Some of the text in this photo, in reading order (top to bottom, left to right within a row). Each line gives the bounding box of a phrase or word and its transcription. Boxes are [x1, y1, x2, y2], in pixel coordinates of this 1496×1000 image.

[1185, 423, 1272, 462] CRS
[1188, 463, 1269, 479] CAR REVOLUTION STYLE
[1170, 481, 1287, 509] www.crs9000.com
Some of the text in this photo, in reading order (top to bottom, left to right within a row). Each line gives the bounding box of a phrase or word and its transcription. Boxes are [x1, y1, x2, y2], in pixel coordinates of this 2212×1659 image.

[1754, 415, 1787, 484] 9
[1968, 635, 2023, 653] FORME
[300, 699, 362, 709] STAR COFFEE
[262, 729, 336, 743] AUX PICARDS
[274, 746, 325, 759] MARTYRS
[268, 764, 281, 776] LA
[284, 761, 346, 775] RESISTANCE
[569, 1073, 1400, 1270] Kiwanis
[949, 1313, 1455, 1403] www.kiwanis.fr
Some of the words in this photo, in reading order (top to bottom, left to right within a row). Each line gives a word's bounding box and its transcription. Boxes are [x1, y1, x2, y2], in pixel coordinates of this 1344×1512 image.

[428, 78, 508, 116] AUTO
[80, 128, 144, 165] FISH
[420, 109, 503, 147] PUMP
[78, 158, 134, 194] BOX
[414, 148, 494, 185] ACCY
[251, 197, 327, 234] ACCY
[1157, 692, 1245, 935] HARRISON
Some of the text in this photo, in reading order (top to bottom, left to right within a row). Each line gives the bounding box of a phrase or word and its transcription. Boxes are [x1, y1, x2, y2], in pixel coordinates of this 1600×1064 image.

++++++

__Your assignment__.
Verbatim reproduction of the entries is required.

__Response below__.
Some of the text in this photo, in reading order (top to bottom, left to right within a row). Each line gives the bounding box of a phrase or word and its transcription. Boxes are [x1, y1, x2, y2], in pixel coordinates of this 1496×1000 image.

[1185, 423, 1272, 462] CRS
[1188, 463, 1269, 479] CAR REVOLUTION STYLE
[1170, 481, 1287, 509] www.crs9000.com
Some of the text in this photo, in reading order (top to bottom, left to right within a row). Each line gives the bounding box of a phrase or word and its transcription. Boxes are [x1, y1, x2, y2], in pixel coordinates of this 2212×1659 image.

[1754, 415, 1787, 484] 9
[1968, 635, 2023, 653] FORME
[300, 699, 362, 709] STAR COFFEE
[262, 729, 336, 743] AUX PICARDS
[274, 746, 325, 759] MARTYRS
[268, 764, 281, 776] LA
[284, 761, 346, 775] RESISTANCE
[569, 1073, 1400, 1270] Kiwanis
[949, 1313, 1455, 1403] www.kiwanis.fr
Some of the words in this photo, in reading order (top to bottom, left to right within a row). Each line gives a word's bounding box and its transcription. Boxes are [x1, y1, x2, y2], in pixel coordinates of this 1344×1512 image.

[428, 78, 508, 116] AUTO
[80, 128, 144, 165] FISH
[420, 109, 503, 147] PUMP
[78, 158, 134, 194] BOX
[414, 148, 494, 185] ACCY
[251, 197, 327, 234] ACCY
[1157, 692, 1245, 935] HARRISON
Some of the text in this photo, in reading order (top to bottom, left to right within a row). Each line gives the bounding box of a phrase or word and its transcription. Boxes are [x1, y1, x2, y2], in pixel coordinates of this 1600×1064 image.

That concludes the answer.